A nuclear fuel of thickness ##2L## has a steel slab to the left and right, each slab of thickness ##b##. Heat generates within the rod at a rate ##\dot{q}## and is removed by a fluid at ##T_{\infty}## (the question doesn't say, but I believe ##T_{\infty}## is temperature of the fluid), which is to the right of the rightmost slab of steel and is convecting by a coefficient ##h##. The other surface (to the left of the leftmost steel slab) is well insulated, and the fuel and steel have thermal conductivities of ##k_f## and ##k_s##, respectively.

Obtain an equation for the temperature distribution ##T(x)## in the nuclear fuel. Express answers in the above variables.

## Homework Equations

the heat equation: $$\frac{\partial T}{\partial t} = \alpha \frac{\partial ^2 T}{\partial x^2} + \dot{q}$$

## The Attempt at a Solution

nothing is said about time, thus we may assume ##\frac{\partial T}{\partial t} = 0##. Additionally, we are only transferring heat in 1-dimension.

Before trying to solve anything, i believe i will have to use the heat equation for each of the 3 materials (the leftmost steel slab ##T_l##, the nuclear fuel in the middle ##T_m##, and the rightmost slab of steel ##T_r##).

First, i'll try prescribing boundary conditions, assuming the center of the fuel is ##x=0##, the end of the far right steel slab is ##x=L+b## and the end of the far left steel slab is ##x=-L-b##.
$$T_l '(-L-b) = 0$$
I'm just not sure how to deal with the other boundary conditions? My professor said something about, at ##x=L+b## we have that ##-k_s T_r'(x) = hA(T_r-T_{\infty})## where I think ##A=b## since we are in 1-dimension. Can someone explain this relation?

Also, what about ##x=L,-L##? Can't we prescribe some kind of flux similarity, such as ##T_l'(-L) = T_m'(-L)## and ##T_m'(L) = T_r'(L)##?

Similarly, can't we also say ##T_l(-L) = T_m(-L)## and ##T_m(L) = T_r(L)##?

Please help! I've been working very hard and think I just need a little push in the correct direction.

Thanks everyone!

joshmccraney said:

nothing is said about time, thus we may assume ##\frac{\partial T}{\partial t} = 0##. Additionally, we are only transferring heat in 1-dimension.

First, i'll try prescribing boundary conditions, assuming the center of the fuel is ##x=0##, the end of the far right steel slab is ##x=L+b## and the end of the far left steel slab is ##x=-L-b##.
$$T_l '(-L-b) = 0$$

OK so far!

I'm just not sure how to deal with the other boundary conditions?
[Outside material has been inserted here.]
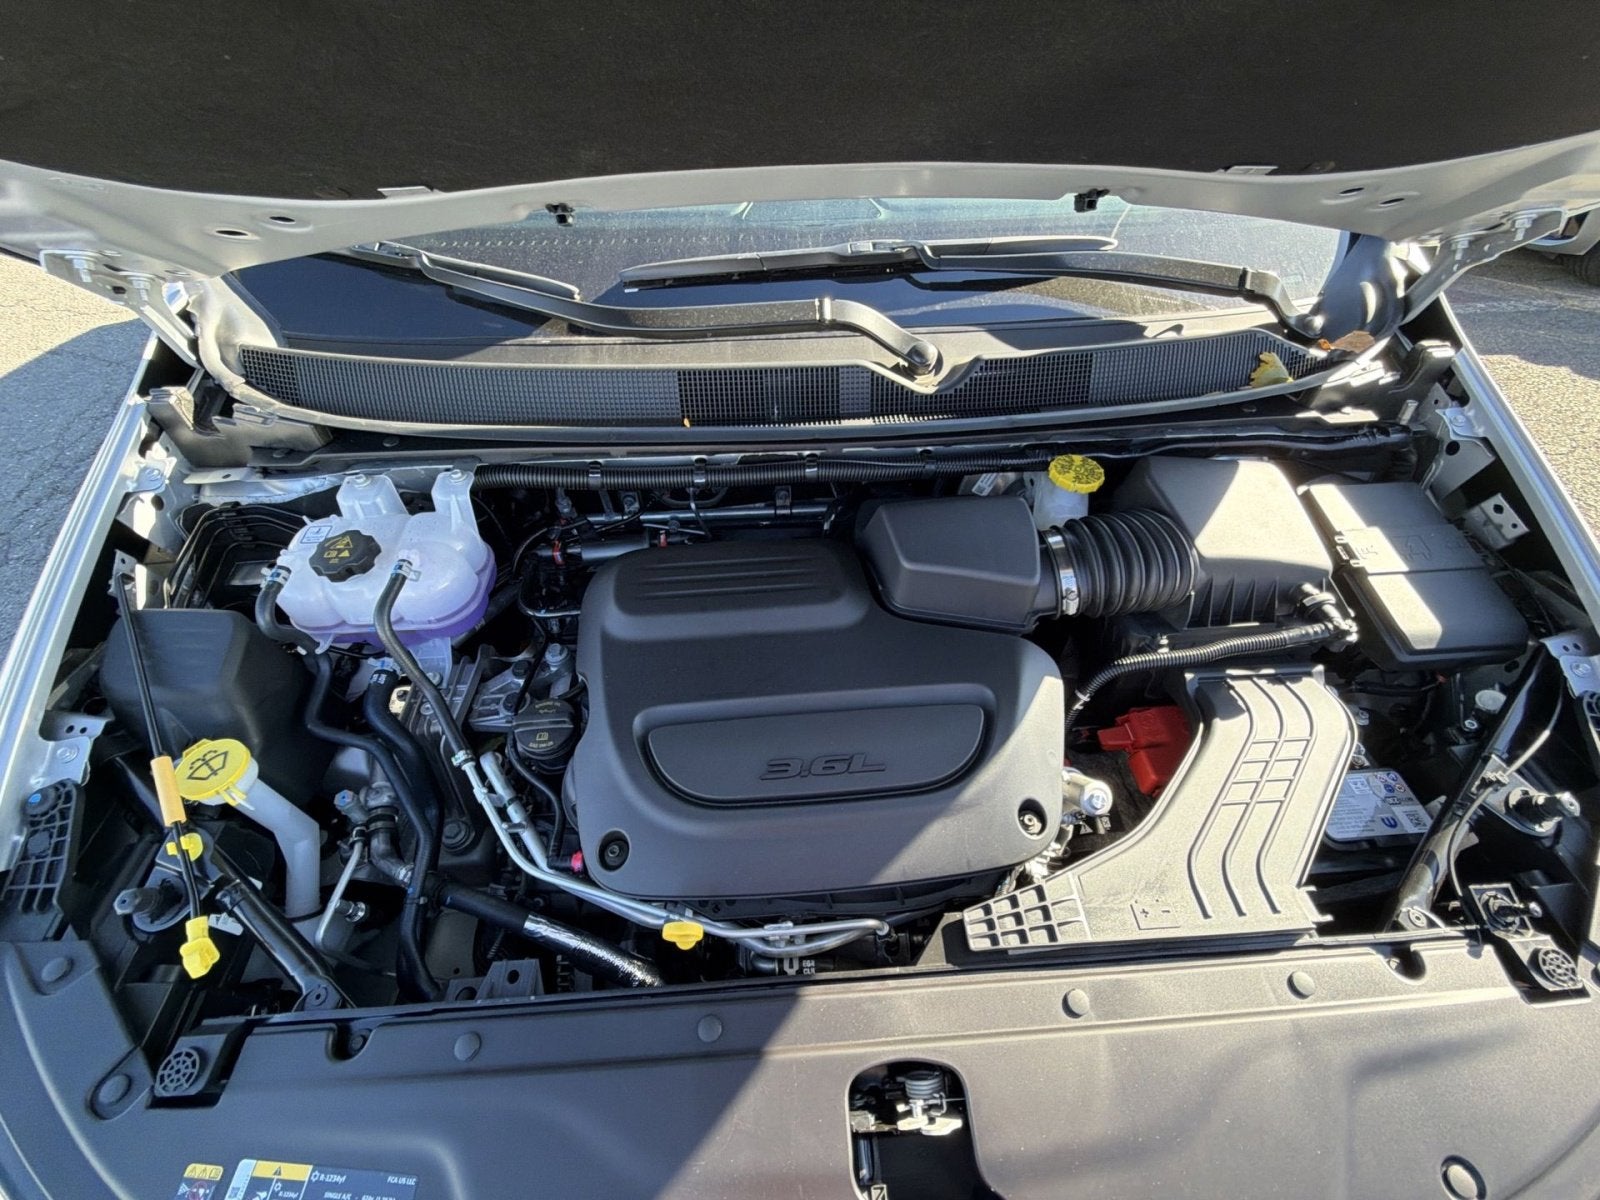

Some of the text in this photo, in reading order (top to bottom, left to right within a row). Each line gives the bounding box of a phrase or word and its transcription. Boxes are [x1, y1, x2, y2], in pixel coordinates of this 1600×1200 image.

[759, 752, 887, 781] 3.6L
[320, 1173, 347, 1185] R-1234yf
[387, 1175, 398, 1184] FCA
[406, 1178, 417, 1186] LLC
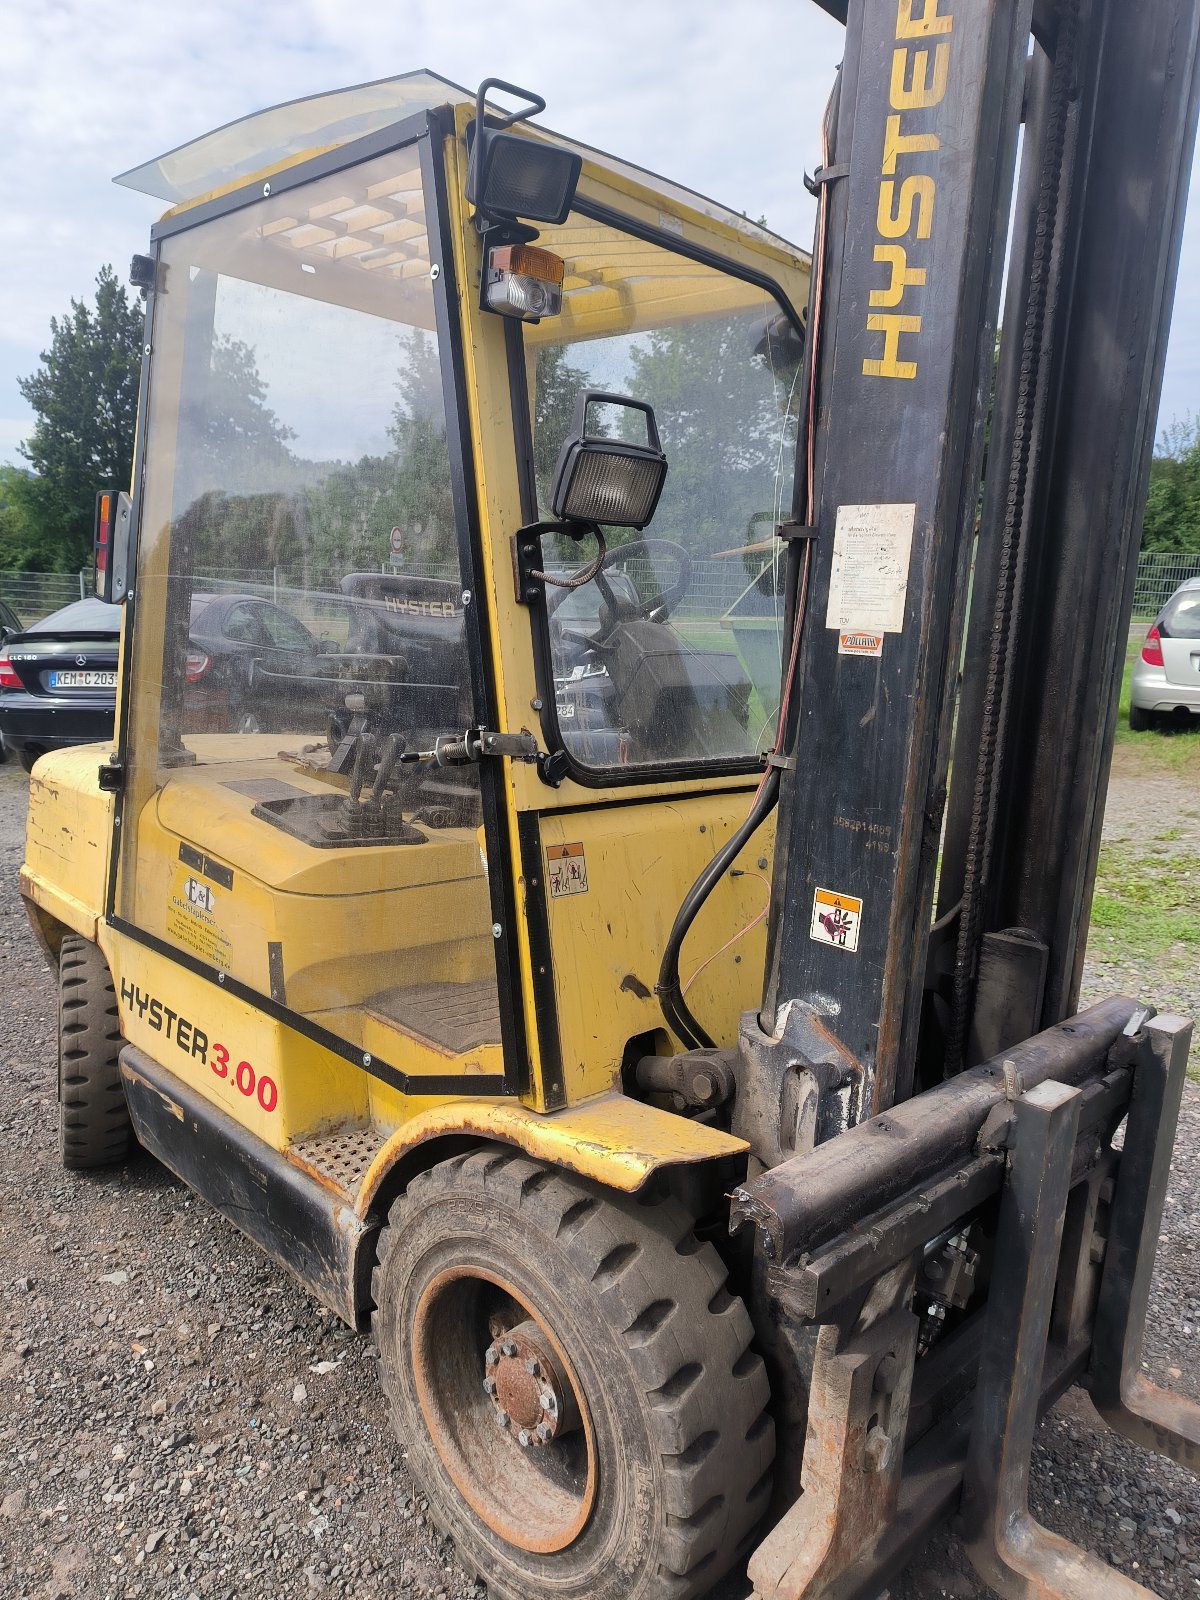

My professor said something about, at ##x=L+b## we have that ##-k_s T_r'(x) = hA(T_r-T_{\infty})## where I think ##A=b## since we are in 1-dimension. Can someone explain this relation?

If you have a steady temperature distribution in the system, the heat flux out of the slab must be the same as the internal heat generation. You correctly said there is no heat lost at the ##x=-L-b## boundary.

##hA(T_r-T_{\infty})## looks like Newton's law of cooling, and it is the heat flux out of the steel at ##x = L+b##, where ##A## is the area of the free surface. The question seems to imply this is a "large" slab of material and you can ignore the edge effects, so you might as well consider a piece of the slab with unit area.

Also, what about ##x=L,-L##? Can't we prescribe some kind of flux similarity, such as ##T_l'(-L) = T_m'(-L)## and ##T_m'(L) = T_r'(L)##?

You are right to think about the heat flux either side of the boundary between the fuel and the steel, but the flux depends on the temperature gradient and the thermal conductivity of the two materials.

There is no heat generation in the steel plates. What does that tell you about the heat flux through the steel, and the "shape" of the temperature distribution through the steel, as a function of ##x##?

When you have got a clear idea what happens in the steel plates (and you don't really need differential equations to solve that part of the question) you will have the boundary conditions for the fuel.

You will need to write a differential equation for the temperature in the fuel, and solve it.

Note: I'm not sure what ##\dot q## means in the question. It could be the heat generated per unit volume of the fuel, or the total heat generated in the slab. It doesn't make much difference to the thought process in the question either way.

Last edited:
1 person
joshmccraney,

You did a nice job of analyzing the problem, and AlephZero correctly pointed out that you needed to include the thermal conductivities in matching the heat fluxes at the interfaces.

Regarding the equation ##-k_s T_r'(x) = hA(T_r-T_{\infty})## :

There shouldn't be an A on the right hand side of this equation. The units on both sides of the equation have to match, and they don't with the A present.

Chet

1 person
AlephZero said:
You are right to think about the heat flux either side of the boundary between the fuel and the steel, but the flux depends on the temperature gradient and the thermal conductivity of the two materials.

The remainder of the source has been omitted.